こんにちは、沙木貴咲です。筆者は10代の終わりから20代のほとんどを、いわゆる『メンへラ』として生きていました。
人間関係や仕事がうまくいかず、恋愛も破綻したものが多かったのですが、映画『生きてるだけで、愛。』は、そんな過去を思い起こさせるものでした。

何もかもが不安定で、すべては結局壊れてしまう……というメンへラのリアルが、そこには生々しく描かれていたのです。

 

うつ、過眠、ニート。一番苦しいのはいつも自分

 

映画『生きてるだけで、愛。』は、うつで過眠症、ニートの寧子と、その彼氏である津奈木を中心にした人間関係が描かれます。
寧子は、人との距離感をはかるのが苦手で、感情表現がうまくできず、言動は自己中心的。

映画の主人公でありながら、観る人の共感を得にくいタイプです。

 

でも、メンへラのリアルとはそういうもの。つねに感情と人格は暴走して、周囲だけでなく自分自身も振り回され、苦しむのです。

10年患っていた筆者の主観で述べさせてもらうと、一番苦しいのはいつも自分。

周りに迷惑をかけて、心配させているとわかっているけど、やっぱり一番苦しんでいるのは、メンタルを病んでいる本人だと思うのです。

 

 

他人に理解してもらえない、認められないという恐れと諦めがあるのに、うまくやろうとする自分もいて、それが滑稽に思えたり、バカバカしく感じたり。

自分は世間の常識から外れているという思い込みなのか、セルフコントロールがきかない心に対する苛立ちか、ささくれ立った不快な雰囲気がつねにまとわりつく。

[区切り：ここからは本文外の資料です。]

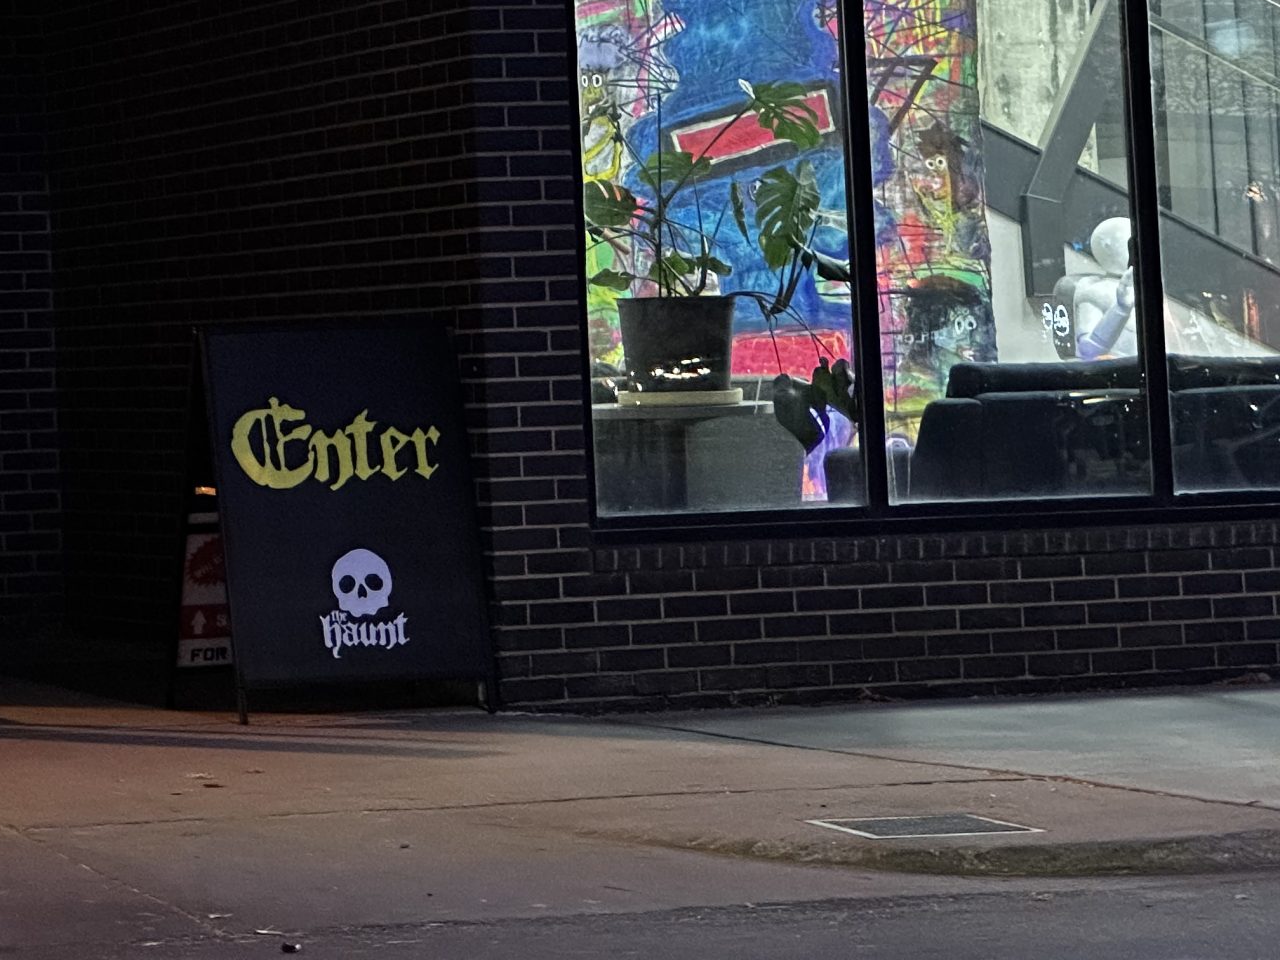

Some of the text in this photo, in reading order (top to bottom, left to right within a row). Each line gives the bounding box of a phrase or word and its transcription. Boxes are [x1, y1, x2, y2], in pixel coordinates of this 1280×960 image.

[230, 396, 441, 491] Enter
[191, 646, 227, 662] FOR
[319, 611, 411, 659] haunt

……そんなわけで、メンへラは当然ながら敬遠されがち。他人から好かれる、親しみやすいメンへラなんか、いません。

 

唯一の存在である自分自身が理解できず、コントロールできないがために、メンへラはつねに自分と戦って、疲労困憊(こんぱい)しているのです。

 

 

そんな壊れた寧子を受け入れるのは、すべてを静かにやり過ごす津奈木。

メンへラとくっつく男性は、少なからず普通じゃないところがありますが、津奈木もそうなのでしょう。普通の人の顔をして仕事をして、同僚と世間話をして、合コンにも参加するのに、決して健常とはいえず、やっぱりどこか壊れたところがあるんです。